Exercise directions:
Within the entries below, find each line containing the word "GRAB" and copy it.
+===+
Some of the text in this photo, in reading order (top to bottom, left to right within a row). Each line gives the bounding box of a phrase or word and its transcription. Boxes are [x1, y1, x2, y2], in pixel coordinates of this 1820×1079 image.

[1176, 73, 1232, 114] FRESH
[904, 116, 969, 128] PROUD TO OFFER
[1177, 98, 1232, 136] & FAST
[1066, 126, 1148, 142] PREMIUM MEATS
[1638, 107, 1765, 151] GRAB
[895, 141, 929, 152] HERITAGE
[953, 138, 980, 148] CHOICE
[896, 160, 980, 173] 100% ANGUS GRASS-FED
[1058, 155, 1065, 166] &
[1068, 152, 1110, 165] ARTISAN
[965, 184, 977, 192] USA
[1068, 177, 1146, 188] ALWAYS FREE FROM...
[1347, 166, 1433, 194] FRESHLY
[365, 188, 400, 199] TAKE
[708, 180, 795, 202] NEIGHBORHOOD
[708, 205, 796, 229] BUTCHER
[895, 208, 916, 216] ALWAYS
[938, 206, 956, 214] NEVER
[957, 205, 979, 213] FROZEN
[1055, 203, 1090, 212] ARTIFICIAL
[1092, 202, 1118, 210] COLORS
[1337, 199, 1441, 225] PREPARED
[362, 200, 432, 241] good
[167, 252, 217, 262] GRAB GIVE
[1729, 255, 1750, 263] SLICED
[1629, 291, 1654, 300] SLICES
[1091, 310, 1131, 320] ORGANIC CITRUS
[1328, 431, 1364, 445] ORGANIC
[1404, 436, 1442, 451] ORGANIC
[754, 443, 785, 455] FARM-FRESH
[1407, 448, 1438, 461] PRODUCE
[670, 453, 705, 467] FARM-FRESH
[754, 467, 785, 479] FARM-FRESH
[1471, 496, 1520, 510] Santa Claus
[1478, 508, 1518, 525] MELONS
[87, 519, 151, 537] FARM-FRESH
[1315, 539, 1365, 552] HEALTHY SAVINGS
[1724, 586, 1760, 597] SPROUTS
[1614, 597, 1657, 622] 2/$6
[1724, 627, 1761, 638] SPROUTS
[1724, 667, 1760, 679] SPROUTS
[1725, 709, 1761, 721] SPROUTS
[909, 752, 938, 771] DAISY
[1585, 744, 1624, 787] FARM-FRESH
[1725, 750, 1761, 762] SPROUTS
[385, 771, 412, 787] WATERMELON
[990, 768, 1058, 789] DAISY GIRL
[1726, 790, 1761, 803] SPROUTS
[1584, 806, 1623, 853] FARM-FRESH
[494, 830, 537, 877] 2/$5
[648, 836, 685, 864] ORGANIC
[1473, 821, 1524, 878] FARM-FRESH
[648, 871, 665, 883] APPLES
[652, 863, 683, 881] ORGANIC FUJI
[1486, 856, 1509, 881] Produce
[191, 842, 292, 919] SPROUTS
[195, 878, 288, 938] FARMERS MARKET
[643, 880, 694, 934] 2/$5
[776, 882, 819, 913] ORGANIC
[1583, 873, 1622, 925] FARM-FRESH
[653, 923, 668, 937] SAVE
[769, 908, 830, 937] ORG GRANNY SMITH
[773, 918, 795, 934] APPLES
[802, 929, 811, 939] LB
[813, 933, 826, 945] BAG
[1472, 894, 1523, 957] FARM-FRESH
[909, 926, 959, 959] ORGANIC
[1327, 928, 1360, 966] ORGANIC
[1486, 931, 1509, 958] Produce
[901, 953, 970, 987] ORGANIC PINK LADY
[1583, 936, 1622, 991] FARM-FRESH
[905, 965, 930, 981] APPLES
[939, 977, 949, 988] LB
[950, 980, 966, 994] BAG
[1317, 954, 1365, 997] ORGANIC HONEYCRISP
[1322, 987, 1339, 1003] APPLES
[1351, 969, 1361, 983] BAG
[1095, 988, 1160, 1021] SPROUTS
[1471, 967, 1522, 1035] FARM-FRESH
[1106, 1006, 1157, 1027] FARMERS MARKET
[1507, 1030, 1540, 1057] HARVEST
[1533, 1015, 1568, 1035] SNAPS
+===+
Finished exercise:
[1638, 107, 1765, 151] GRAB
[167, 252, 217, 262] GRAB GIVE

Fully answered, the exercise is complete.